Friedhof Hergenrath

Bis zur Mitte des 19. Jahrhunderts war er Kirchhof der kleinen Pfarrkirche St. Martinus, ein vermutlich mittelalterlicher Bau, der nach dem Kirchenneubau abgetragen wurde. Es handelt sich hier also um einen alten Standort. Zahlreiche, in die Umfassungsmauern eingelassene Grabkreuze ab dem 17. Jahrhundert belegen die historische Begräbnisstätte. Heute prägen jedoch überwiegend moderne Grabmäler das Erscheinungsbild des Friedhofs. Über zwei stattliche Eisentore wird die Anlage von der Altenbergerstrasse erschlossen.
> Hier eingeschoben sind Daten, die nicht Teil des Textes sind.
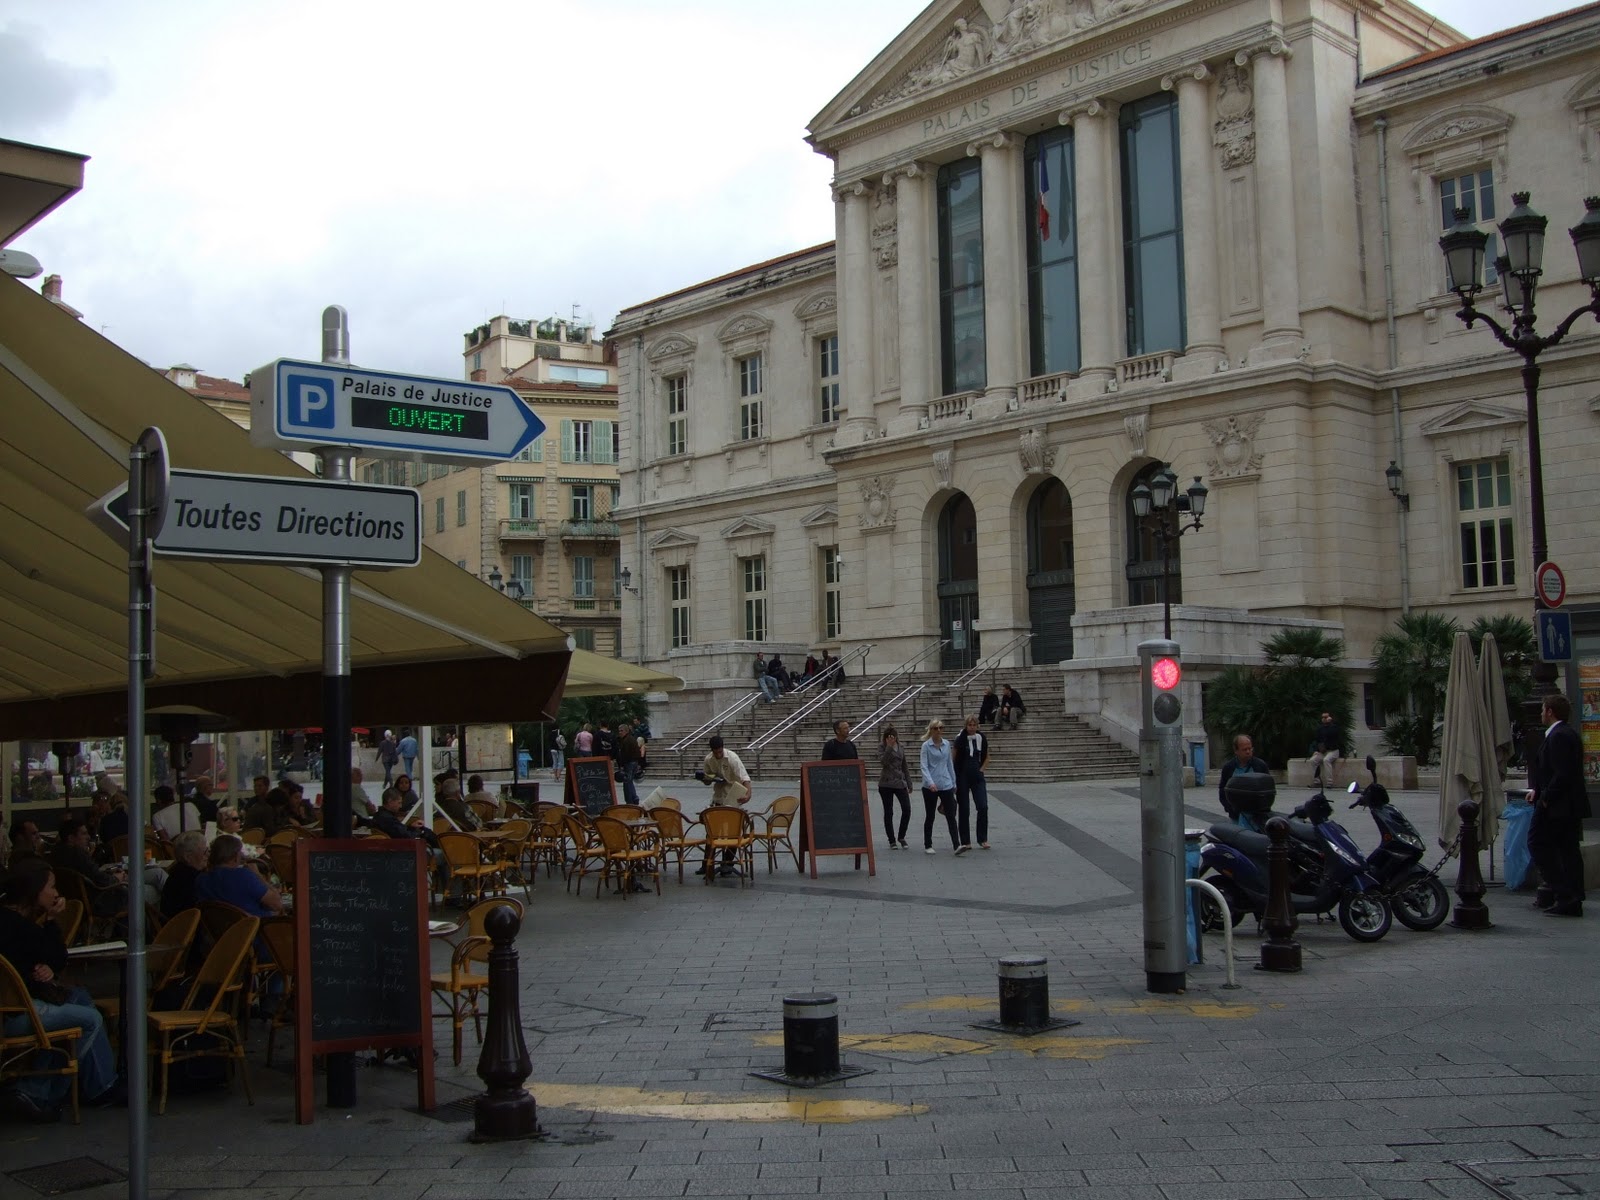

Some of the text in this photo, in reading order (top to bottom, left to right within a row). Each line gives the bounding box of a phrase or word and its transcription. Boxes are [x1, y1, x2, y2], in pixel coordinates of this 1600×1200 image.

[922, 39, 1152, 138] PALAIS DE JUSTICE
[300, 384, 328, 422] P
[342, 377, 493, 408] Palais de Justice
[388, 407, 465, 432] OUVERT
[174, 498, 405, 541] Toutes Directions
Gerade Pflasterwege und rote Schotterflächen führen zu den Grabstellen. Eine schöne Leichehalle aus Bruchstein und Backstein von 1913 dominiert das Gräberfeld. In seiner Nähe erinnert ein Felsgestein an die Gefallenen des Zweiten Weltkriegs. Im hinteren Abschnitt der Anlage, im Schatten des Hochkreuzes und benachbarter Bäume sind Streuwiese und Urnenplätze angelegt. Kleine Gehölzgruppen setzen Akzente und bilden Räume. Hecken und Mauern grenzen die Friedhoffläche ein aber lassen den Ausblick auf den nahe gelegenen Kinderspielplatz zu.